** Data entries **
━━━━━━━━━━━━━━━━
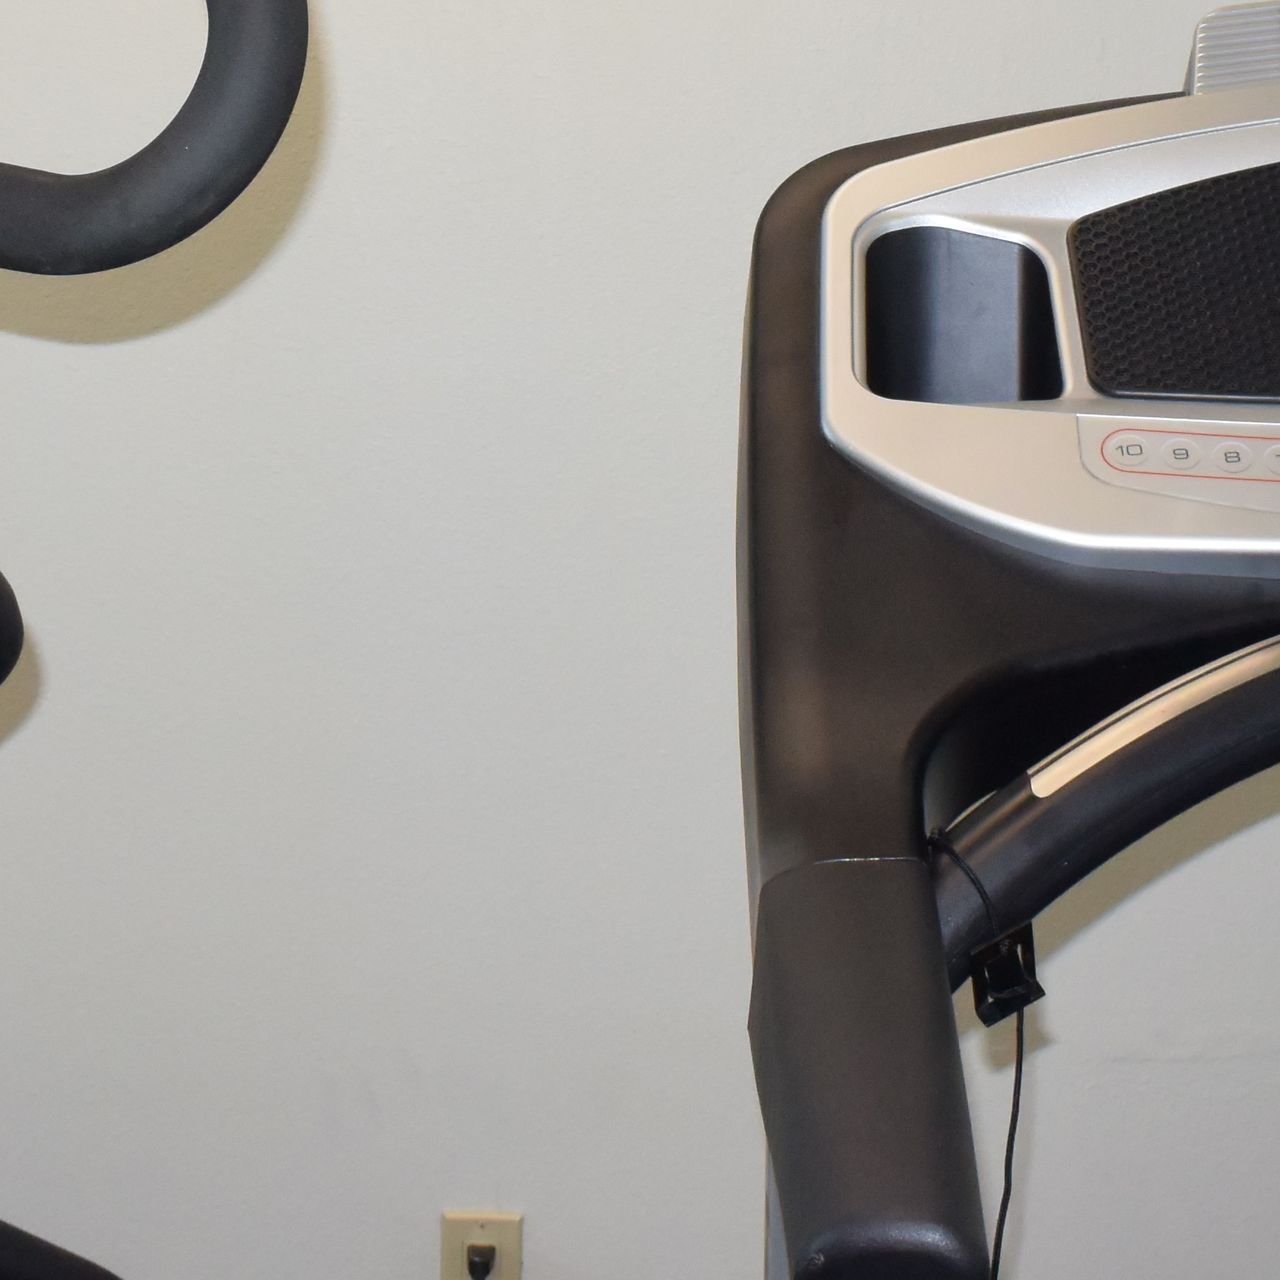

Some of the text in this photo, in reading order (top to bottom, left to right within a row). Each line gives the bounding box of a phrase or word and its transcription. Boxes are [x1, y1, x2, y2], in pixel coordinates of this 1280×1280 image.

[1116, 443, 1143, 457] 10
[1173, 448, 1189, 460] 9
[1225, 451, 1241, 464] 8
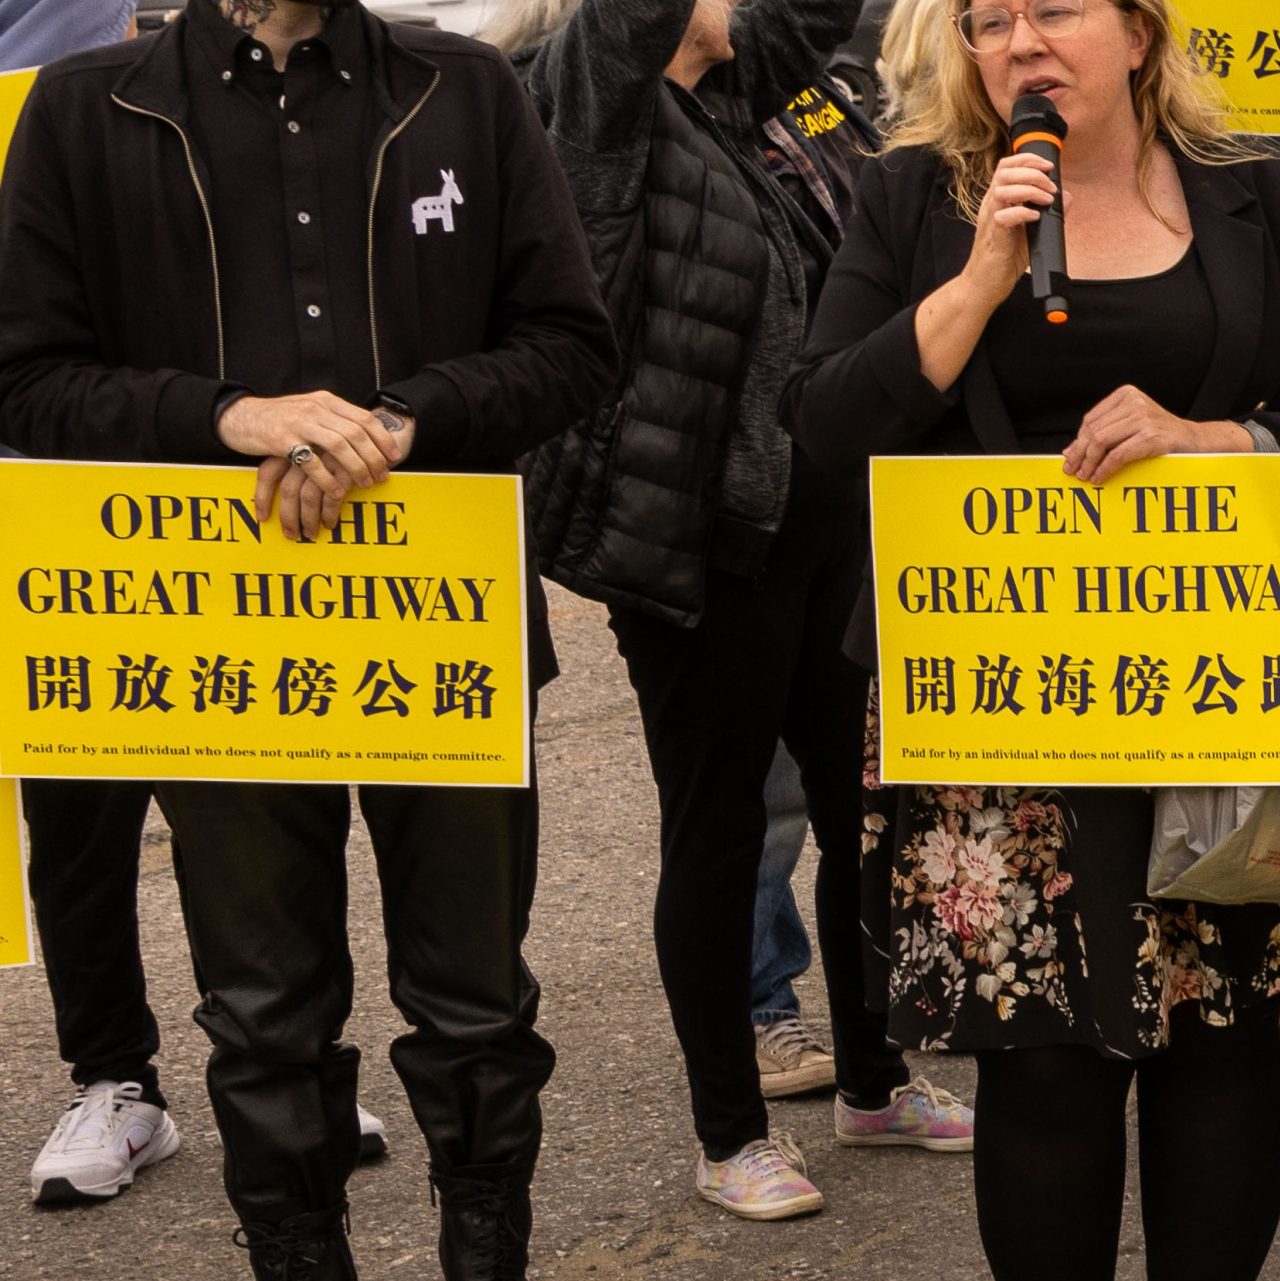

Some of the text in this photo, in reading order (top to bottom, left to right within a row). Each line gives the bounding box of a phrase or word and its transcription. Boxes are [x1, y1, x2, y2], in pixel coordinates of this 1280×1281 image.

[101, 493, 408, 545] OPEN HE
[963, 486, 1237, 535] OPEN THE
[18, 568, 495, 622] GREAT HIGHWAY
[898, 566, 1055, 613] GREAT
[26, 654, 497, 719] 開放海傍公路
[23, 743, 505, 762] Paid for by an individual who does not qualify as a campaign committee.
[902, 747, 926, 758] Paid
[929, 748, 946, 759] for
[948, 748, 961, 761] by
[964, 751, 978, 759] an
[981, 749, 1039, 760] individual
[1042, 749, 1066, 760] who
[1069, 749, 1097, 760] does
[1100, 751, 1120, 760] not
[1123, 749, 1165, 762] qualify
[1170, 752, 1184, 760] as
[1187, 752, 1195, 760] a
[1198, 749, 1257, 762] campaign
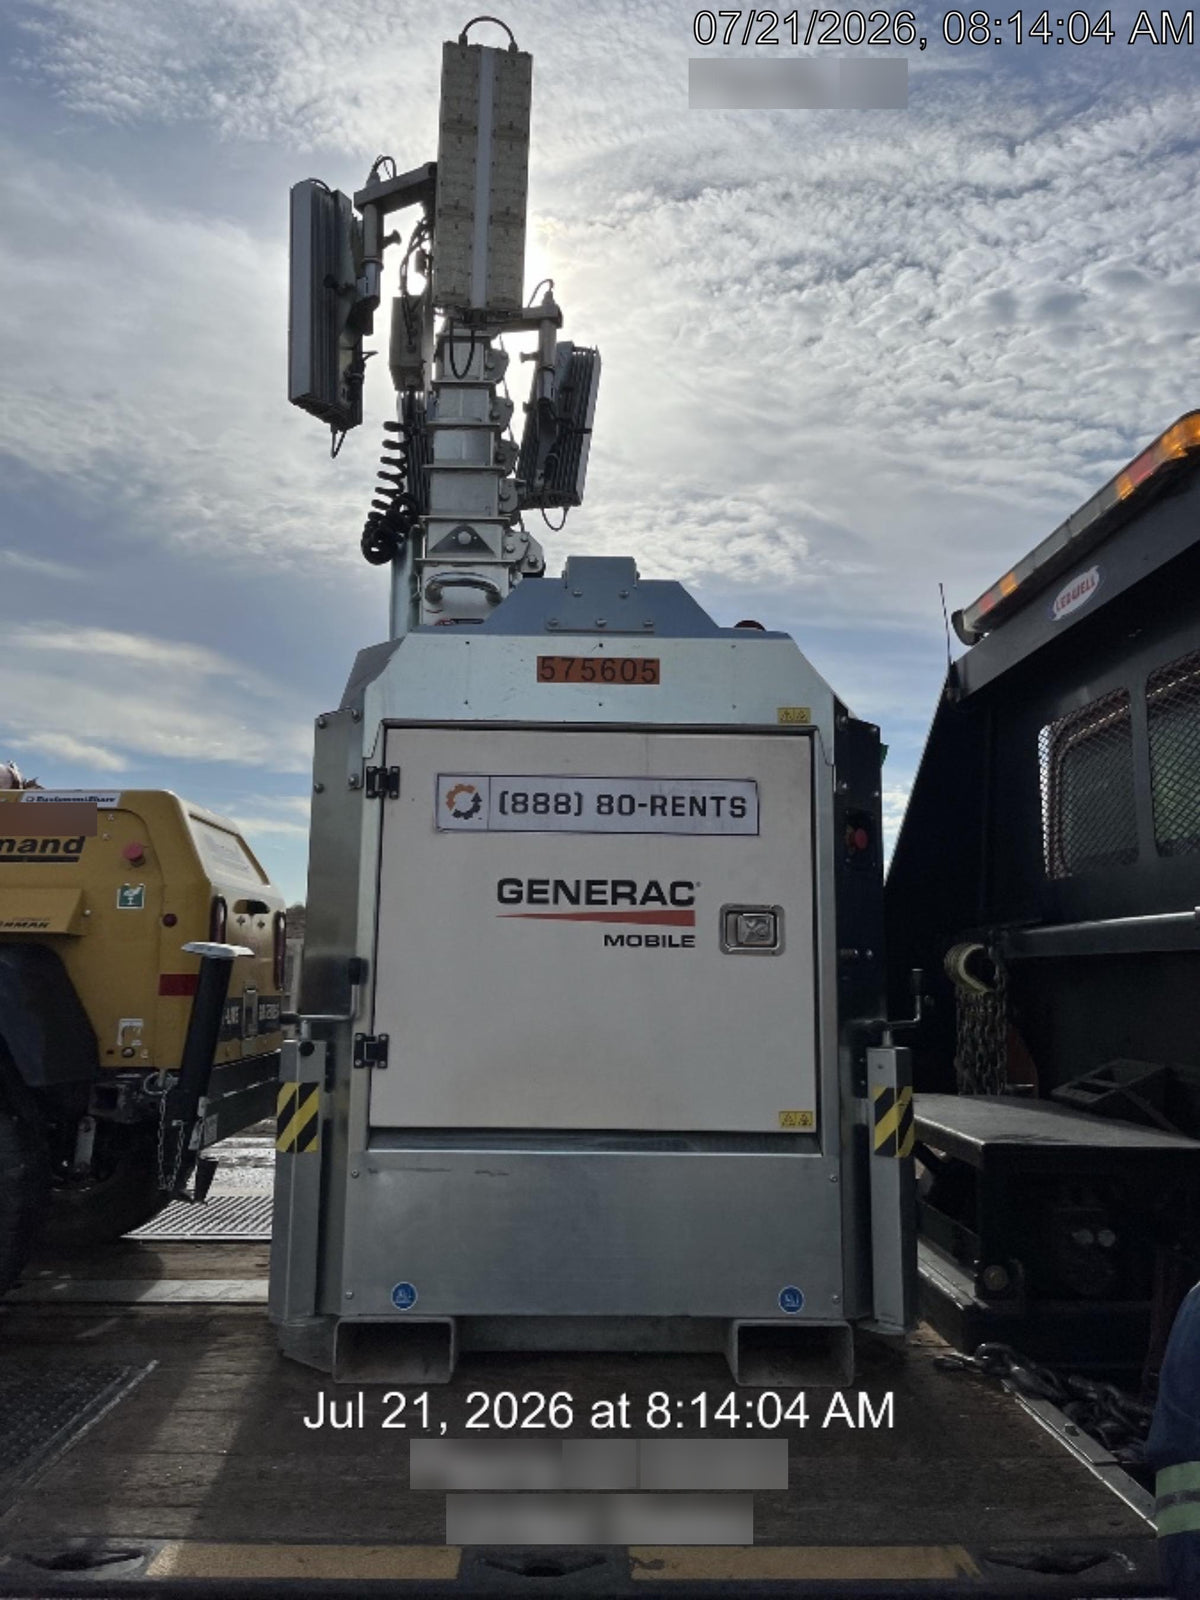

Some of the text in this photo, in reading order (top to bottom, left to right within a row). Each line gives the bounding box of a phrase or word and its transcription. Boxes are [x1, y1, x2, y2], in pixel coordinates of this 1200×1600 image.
━━━━━━━━━━━━━━━━
** EXERCISE OBJECTIVE **
Reproduce the records above exactly, excluding every picture.

** RESULT OF THIS TASK **
Some of the text in this photo, in reading order (top to bottom, left to right within a row). Each line gives the bounding box of a phrase or word and its transcription. Boxes are [x1, y1, x2, y2], in pixel coordinates of this 1280×1280 image.

[1116, 443, 1143, 457] 10
[1173, 448, 1189, 460] 9
[1225, 451, 1241, 464] 8

Some of the text in this photo, in reading order (top to bottom, left to right within a row). Each line gives the bounding box of a phrase or word and its transcription. Boxes are [x1, y1, x2, y2], in pixel coordinates of this 1280×1281 image.

[101, 493, 408, 545] OPEN HE
[963, 486, 1237, 535] OPEN THE
[18, 568, 495, 622] GREAT HIGHWAY
[898, 566, 1055, 613] GREAT
[26, 654, 497, 719] 開放海傍公路
[23, 743, 505, 762] Paid for by an individual who does not qualify as a campaign committee.
[902, 747, 926, 758] Paid
[929, 748, 946, 759] for
[948, 748, 961, 761] by
[964, 751, 978, 759] an
[981, 749, 1039, 760] individual
[1042, 749, 1066, 760] who
[1069, 749, 1097, 760] does
[1100, 751, 1120, 760] not
[1123, 749, 1165, 762] qualify
[1170, 752, 1184, 760] as
[1187, 752, 1195, 760] a
[1198, 749, 1257, 762] campaign

Some of the text in this photo, in reading order (top to bottom, left to right within a row). Each line gives the bounding box of a phrase or word and its transcription. Boxes are [x1, y1, x2, y2], in pixel coordinates of this 1200×1600 image.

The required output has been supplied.